◆ EXTRACTED DATA:
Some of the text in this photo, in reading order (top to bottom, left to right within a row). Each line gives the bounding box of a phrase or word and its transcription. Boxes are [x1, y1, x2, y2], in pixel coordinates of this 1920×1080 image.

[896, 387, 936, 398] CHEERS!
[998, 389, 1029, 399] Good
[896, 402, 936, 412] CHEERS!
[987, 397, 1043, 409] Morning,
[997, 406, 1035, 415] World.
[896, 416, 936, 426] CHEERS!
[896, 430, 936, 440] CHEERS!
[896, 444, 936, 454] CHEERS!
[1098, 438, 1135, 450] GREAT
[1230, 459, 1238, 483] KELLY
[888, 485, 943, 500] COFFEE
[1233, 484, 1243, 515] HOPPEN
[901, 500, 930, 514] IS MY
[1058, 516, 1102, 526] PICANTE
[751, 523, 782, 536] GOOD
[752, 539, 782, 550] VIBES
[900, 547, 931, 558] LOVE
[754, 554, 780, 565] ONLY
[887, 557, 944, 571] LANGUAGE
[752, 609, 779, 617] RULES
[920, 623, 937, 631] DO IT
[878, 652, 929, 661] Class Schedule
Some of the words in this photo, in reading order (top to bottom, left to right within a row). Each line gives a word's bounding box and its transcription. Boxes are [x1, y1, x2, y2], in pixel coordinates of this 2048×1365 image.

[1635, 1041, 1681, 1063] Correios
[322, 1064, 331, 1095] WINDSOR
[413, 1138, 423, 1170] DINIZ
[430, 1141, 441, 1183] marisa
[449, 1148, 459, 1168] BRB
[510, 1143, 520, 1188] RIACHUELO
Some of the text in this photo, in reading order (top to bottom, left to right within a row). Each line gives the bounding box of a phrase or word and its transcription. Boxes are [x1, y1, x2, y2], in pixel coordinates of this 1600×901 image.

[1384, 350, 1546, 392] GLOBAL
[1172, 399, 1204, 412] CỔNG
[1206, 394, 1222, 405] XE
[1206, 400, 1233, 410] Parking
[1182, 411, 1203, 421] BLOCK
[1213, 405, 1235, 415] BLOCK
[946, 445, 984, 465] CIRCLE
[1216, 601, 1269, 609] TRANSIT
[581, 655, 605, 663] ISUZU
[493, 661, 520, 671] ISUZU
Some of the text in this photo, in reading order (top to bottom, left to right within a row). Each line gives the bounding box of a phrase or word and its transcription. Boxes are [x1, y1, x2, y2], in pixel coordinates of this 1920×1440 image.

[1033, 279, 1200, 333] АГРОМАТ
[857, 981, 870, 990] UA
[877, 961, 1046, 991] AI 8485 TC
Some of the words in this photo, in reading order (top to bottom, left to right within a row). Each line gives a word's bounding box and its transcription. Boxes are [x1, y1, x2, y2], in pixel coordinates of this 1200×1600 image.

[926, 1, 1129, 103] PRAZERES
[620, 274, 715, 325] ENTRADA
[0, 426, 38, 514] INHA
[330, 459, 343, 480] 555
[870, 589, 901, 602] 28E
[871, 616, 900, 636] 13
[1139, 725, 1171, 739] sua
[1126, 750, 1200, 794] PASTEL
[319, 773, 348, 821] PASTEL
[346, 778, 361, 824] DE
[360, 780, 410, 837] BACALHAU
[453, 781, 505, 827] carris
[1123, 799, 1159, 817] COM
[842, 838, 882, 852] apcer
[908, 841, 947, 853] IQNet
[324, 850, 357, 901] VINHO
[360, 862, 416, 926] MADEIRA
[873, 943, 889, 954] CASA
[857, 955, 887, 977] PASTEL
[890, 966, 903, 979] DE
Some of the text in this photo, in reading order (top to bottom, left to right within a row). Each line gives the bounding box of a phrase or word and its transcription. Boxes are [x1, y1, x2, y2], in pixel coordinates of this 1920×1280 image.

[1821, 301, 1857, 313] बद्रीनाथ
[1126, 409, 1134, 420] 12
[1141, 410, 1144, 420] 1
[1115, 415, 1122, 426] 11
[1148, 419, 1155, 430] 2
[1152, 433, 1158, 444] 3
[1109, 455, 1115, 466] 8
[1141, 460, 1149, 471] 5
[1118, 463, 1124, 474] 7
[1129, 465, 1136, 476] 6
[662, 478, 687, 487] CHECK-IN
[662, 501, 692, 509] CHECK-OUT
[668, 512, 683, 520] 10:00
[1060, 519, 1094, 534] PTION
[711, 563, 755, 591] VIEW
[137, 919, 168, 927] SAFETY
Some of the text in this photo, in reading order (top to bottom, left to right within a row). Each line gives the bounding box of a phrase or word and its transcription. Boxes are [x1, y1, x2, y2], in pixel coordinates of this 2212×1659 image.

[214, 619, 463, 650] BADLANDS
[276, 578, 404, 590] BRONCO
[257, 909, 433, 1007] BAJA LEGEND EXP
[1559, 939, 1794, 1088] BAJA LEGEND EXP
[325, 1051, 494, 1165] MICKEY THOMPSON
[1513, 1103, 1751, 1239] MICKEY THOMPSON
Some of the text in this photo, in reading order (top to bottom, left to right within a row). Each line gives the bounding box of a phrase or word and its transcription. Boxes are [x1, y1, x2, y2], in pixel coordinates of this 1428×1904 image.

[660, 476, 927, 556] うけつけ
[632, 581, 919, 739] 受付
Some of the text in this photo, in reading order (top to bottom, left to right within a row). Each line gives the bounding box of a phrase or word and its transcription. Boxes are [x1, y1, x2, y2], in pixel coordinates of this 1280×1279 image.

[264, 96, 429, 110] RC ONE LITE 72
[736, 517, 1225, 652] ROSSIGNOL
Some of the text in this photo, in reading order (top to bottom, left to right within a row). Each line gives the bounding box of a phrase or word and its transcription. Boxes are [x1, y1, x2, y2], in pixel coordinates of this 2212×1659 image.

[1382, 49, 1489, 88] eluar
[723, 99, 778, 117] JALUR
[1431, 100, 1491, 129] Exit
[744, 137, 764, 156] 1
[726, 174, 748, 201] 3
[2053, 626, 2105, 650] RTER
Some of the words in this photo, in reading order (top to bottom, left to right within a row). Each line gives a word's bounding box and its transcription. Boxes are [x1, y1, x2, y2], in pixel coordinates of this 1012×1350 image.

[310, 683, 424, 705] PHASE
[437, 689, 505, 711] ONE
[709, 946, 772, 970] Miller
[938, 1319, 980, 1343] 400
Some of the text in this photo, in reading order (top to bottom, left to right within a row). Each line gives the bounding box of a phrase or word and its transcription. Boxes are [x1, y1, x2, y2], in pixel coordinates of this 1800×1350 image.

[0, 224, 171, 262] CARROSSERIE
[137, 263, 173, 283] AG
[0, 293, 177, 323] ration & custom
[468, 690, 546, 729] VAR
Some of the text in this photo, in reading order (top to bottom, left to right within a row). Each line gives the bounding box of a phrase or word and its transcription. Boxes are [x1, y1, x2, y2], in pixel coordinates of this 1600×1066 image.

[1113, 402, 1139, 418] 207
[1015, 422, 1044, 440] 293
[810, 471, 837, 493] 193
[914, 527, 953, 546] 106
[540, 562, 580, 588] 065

◆ TASK DESCRIPTION: Each of the lines above must appear again, unchanged.

◆ RESPONSE AREA:
Some of the text in this photo, in reading order (top to bottom, left to right within a row). Each line gives the bounding box of a phrase or word and its transcription. Boxes are [x1, y1, x2, y2], in pixel coordinates of this 1920×1080 image.

[896, 387, 936, 398] CHEERS!
[998, 389, 1029, 399] Good
[896, 402, 936, 412] CHEERS!
[987, 397, 1043, 409] Morning,
[997, 406, 1035, 415] World.
[896, 416, 936, 426] CHEERS!
[896, 430, 936, 440] CHEERS!
[896, 444, 936, 454] CHEERS!
[1098, 438, 1135, 450] GREAT
[1230, 459, 1238, 483] KELLY
[888, 485, 943, 500] COFFEE
[1233, 484, 1243, 515] HOPPEN
[901, 500, 930, 514] IS MY
[1058, 516, 1102, 526] PICANTE
[751, 523, 782, 536] GOOD
[752, 539, 782, 550] VIBES
[900, 547, 931, 558] LOVE
[754, 554, 780, 565] ONLY
[887, 557, 944, 571] LANGUAGE
[752, 609, 779, 617] RULES
[920, 623, 937, 631] DO IT
[878, 652, 929, 661] Class Schedule
Some of the words in this photo, in reading order (top to bottom, left to right within a row). Each line gives a word's bounding box and its transcription. Boxes are [x1, y1, x2, y2], in pixel coordinates of this 2048×1365 image.

[1635, 1041, 1681, 1063] Correios
[322, 1064, 331, 1095] WINDSOR
[413, 1138, 423, 1170] DINIZ
[430, 1141, 441, 1183] marisa
[449, 1148, 459, 1168] BRB
[510, 1143, 520, 1188] RIACHUELO
Some of the text in this photo, in reading order (top to bottom, left to right within a row). Each line gives the bounding box of a phrase or word and its transcription. Boxes are [x1, y1, x2, y2], in pixel coordinates of this 1600×901 image.

[1384, 350, 1546, 392] GLOBAL
[1172, 399, 1204, 412] CỔNG
[1206, 394, 1222, 405] XE
[1206, 400, 1233, 410] Parking
[1182, 411, 1203, 421] BLOCK
[1213, 405, 1235, 415] BLOCK
[946, 445, 984, 465] CIRCLE
[1216, 601, 1269, 609] TRANSIT
[581, 655, 605, 663] ISUZU
[493, 661, 520, 671] ISUZU
Some of the text in this photo, in reading order (top to bottom, left to right within a row). Each line gives the bounding box of a phrase or word and its transcription. Boxes are [x1, y1, x2, y2], in pixel coordinates of this 1920×1440 image.

[1033, 279, 1200, 333] АГРОМАТ
[857, 981, 870, 990] UA
[877, 961, 1046, 991] AI 8485 TC
Some of the words in this photo, in reading order (top to bottom, left to right within a row). Each line gives a word's bounding box and its transcription. Boxes are [x1, y1, x2, y2], in pixel coordinates of this 1200×1600 image.

[926, 1, 1129, 103] PRAZERES
[620, 274, 715, 325] ENTRADA
[0, 426, 38, 514] INHA
[330, 459, 343, 480] 555
[870, 589, 901, 602] 28E
[871, 616, 900, 636] 13
[1139, 725, 1171, 739] sua
[1126, 750, 1200, 794] PASTEL
[319, 773, 348, 821] PASTEL
[346, 778, 361, 824] DE
[360, 780, 410, 837] BACALHAU
[453, 781, 505, 827] carris
[1123, 799, 1159, 817] COM
[842, 838, 882, 852] apcer
[908, 841, 947, 853] IQNet
[324, 850, 357, 901] VINHO
[360, 862, 416, 926] MADEIRA
[873, 943, 889, 954] CASA
[857, 955, 887, 977] PASTEL
[890, 966, 903, 979] DE
Some of the text in this photo, in reading order (top to bottom, left to right within a row). Each line gives the bounding box of a phrase or word and its transcription. Boxes are [x1, y1, x2, y2], in pixel coordinates of this 1920×1280 image.

[1821, 301, 1857, 313] बद्रीनाथ
[1126, 409, 1134, 420] 12
[1141, 410, 1144, 420] 1
[1115, 415, 1122, 426] 11
[1148, 419, 1155, 430] 2
[1152, 433, 1158, 444] 3
[1109, 455, 1115, 466] 8
[1141, 460, 1149, 471] 5
[1118, 463, 1124, 474] 7
[1129, 465, 1136, 476] 6
[662, 478, 687, 487] CHECK-IN
[662, 501, 692, 509] CHECK-OUT
[668, 512, 683, 520] 10:00
[1060, 519, 1094, 534] PTION
[711, 563, 755, 591] VIEW
[137, 919, 168, 927] SAFETY
Some of the text in this photo, in reading order (top to bottom, left to right within a row). Each line gives the bounding box of a phrase or word and its transcription. Boxes are [x1, y1, x2, y2], in pixel coordinates of this 2212×1659 image.

[214, 619, 463, 650] BADLANDS
[276, 578, 404, 590] BRONCO
[257, 909, 433, 1007] BAJA LEGEND EXP
[1559, 939, 1794, 1088] BAJA LEGEND EXP
[325, 1051, 494, 1165] MICKEY THOMPSON
[1513, 1103, 1751, 1239] MICKEY THOMPSON
Some of the text in this photo, in reading order (top to bottom, left to right within a row). Each line gives the bounding box of a phrase or word and its transcription. Boxes are [x1, y1, x2, y2], in pixel coordinates of this 1428×1904 image.

[660, 476, 927, 556] うけつけ
[632, 581, 919, 739] 受付
Some of the text in this photo, in reading order (top to bottom, left to right within a row). Each line gives the bounding box of a phrase or word and its transcription. Boxes are [x1, y1, x2, y2], in pixel coordinates of this 1280×1279 image.

[264, 96, 429, 110] RC ONE LITE 72
[736, 517, 1225, 652] ROSSIGNOL
Some of the text in this photo, in reading order (top to bottom, left to right within a row). Each line gives the bounding box of a phrase or word and its transcription. Boxes are [x1, y1, x2, y2], in pixel coordinates of this 2212×1659 image.

[1382, 49, 1489, 88] eluar
[723, 99, 778, 117] JALUR
[1431, 100, 1491, 129] Exit
[744, 137, 764, 156] 1
[726, 174, 748, 201] 3
[2053, 626, 2105, 650] RTER
Some of the words in this photo, in reading order (top to bottom, left to right within a row). Each line gives a word's bounding box and its transcription. Boxes are [x1, y1, x2, y2], in pixel coordinates of this 1012×1350 image.

[310, 683, 424, 705] PHASE
[437, 689, 505, 711] ONE
[709, 946, 772, 970] Miller
[938, 1319, 980, 1343] 400
Some of the text in this photo, in reading order (top to bottom, left to right within a row). Each line gives the bounding box of a phrase or word and its transcription. Boxes are [x1, y1, x2, y2], in pixel coordinates of this 1800×1350 image.

[0, 224, 171, 262] CARROSSERIE
[137, 263, 173, 283] AG
[0, 293, 177, 323] ration & custom
[468, 690, 546, 729] VAR
Some of the text in this photo, in reading order (top to bottom, left to right within a row). Each line gives the bounding box of a phrase or word and its transcription. Boxes are [x1, y1, x2, y2], in pixel coordinates of this 1600×1066 image.

[1113, 402, 1139, 418] 207
[1015, 422, 1044, 440] 293
[810, 471, 837, 493] 193
[914, 527, 953, 546] 106
[540, 562, 580, 588] 065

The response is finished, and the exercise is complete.